I believe that respect for all people is an essential ingredient in a happy life. When one shares friendship and respect freely with others, I believe it makes life even happier and more rewarding. It’s no surprise that Jesus spoke of loving one’s neighbor and treating others as you would have them treat you. I believe people who consistently show respect and good will to other people, especially to strangers, are less likely to judge people on factors like religion, race, skin color, political views and place of birth. Also, that those who do are more likely to become bigots, racists and extreme nationalists, which in turn can lead to hatred of people whom they judge to be inherently different or who have different values and views. That hatred may come from fear, real or imagined, that “other people” threaten one’s culture or way of life. But one should never take lightly the temptation to hate and should consider the potential effects on one’s self as well as untended consequences.
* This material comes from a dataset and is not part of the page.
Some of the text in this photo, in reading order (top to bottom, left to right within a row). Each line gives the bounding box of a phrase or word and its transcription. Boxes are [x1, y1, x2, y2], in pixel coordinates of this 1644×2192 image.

During the first few years of my retirement I took 10 ocean cruises, and I made a point on every cruise to engage all kinds of strangers, in friendly conversation. That nearly always led to pleasant exchanges and feelings of good will. Because of those conversations and because I had a ponytail which made me easy to spot, by the end of a cruise lots of travelers would call out from somewhere across the ship with greetings like “hello pony-tail” or there goes pony-tail.” Because of those experiences, it would be difficult to hate, or even dislike any of those travelers, many of whom differ from me in significant ways.
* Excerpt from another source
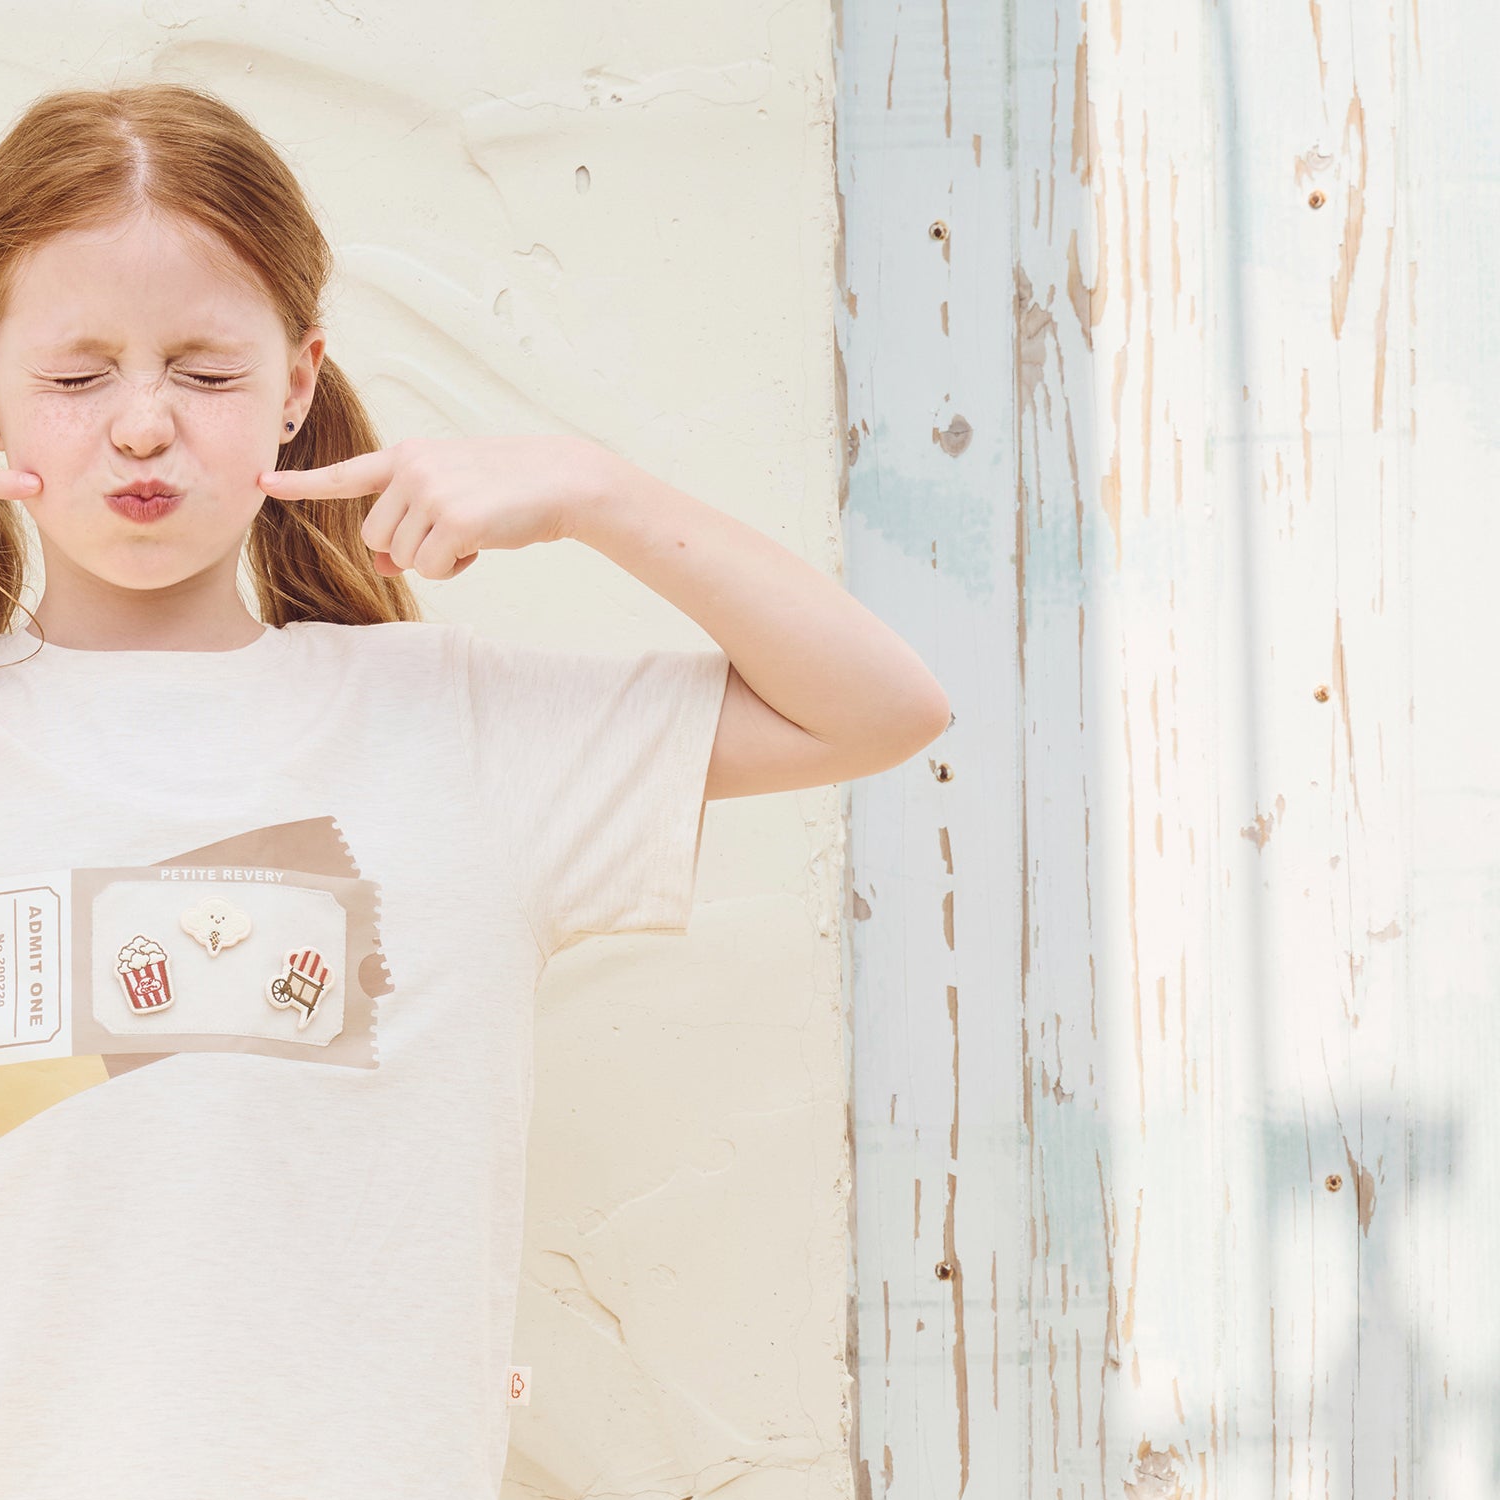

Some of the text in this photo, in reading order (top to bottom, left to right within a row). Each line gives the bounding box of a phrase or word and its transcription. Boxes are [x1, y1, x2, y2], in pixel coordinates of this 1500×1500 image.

[160, 869, 284, 883] PETITE REVERY
[29, 906, 43, 1027] ADMIT ONE
I try to do the following at least once every few days I walk up to one , (sometimes two) strangers and say the following: “I hope you are having a good day and hope that I’m neither the first or last to tell you that today. Almost without exception frowns turn into smiles and smiles into wider smiles. What usually follows is a warm friendly exchange -maybe even a nice chat. Yesterday, I had two such encounters in a local shopping mall: the first was with an elderly gentleman who was navigating a large cart through shoppers and who appeared to be a little down on his luck. My introduction brought a wide grin, and as I walked away after our chat, he waved me good-bye and thanked me for making him feel better. The second encounter was with a couple that was relaxing in a rest area. At first the couple seemed to resist distraction or intrusion, but quickly warmed up to a 20-minute conversation during which the man and his wife competed with each other to tell me more than I needed to know about their long, loving relationships with their pets, a cat and dog.
In summary, an open-minded attitude toward everyone, including strangers, engenders friendship and respect, which in turn, makes for a happier and more rewarding life. Creating friendships with all manner of people makes it less likely that one will be become bigoted, racist or an extreme nationalist. Getting to know strangers and having a friendly and respectful relationship with them will reduce the likelihood that you ever become resentful or hate them – just because they are inherently different or have different views and values.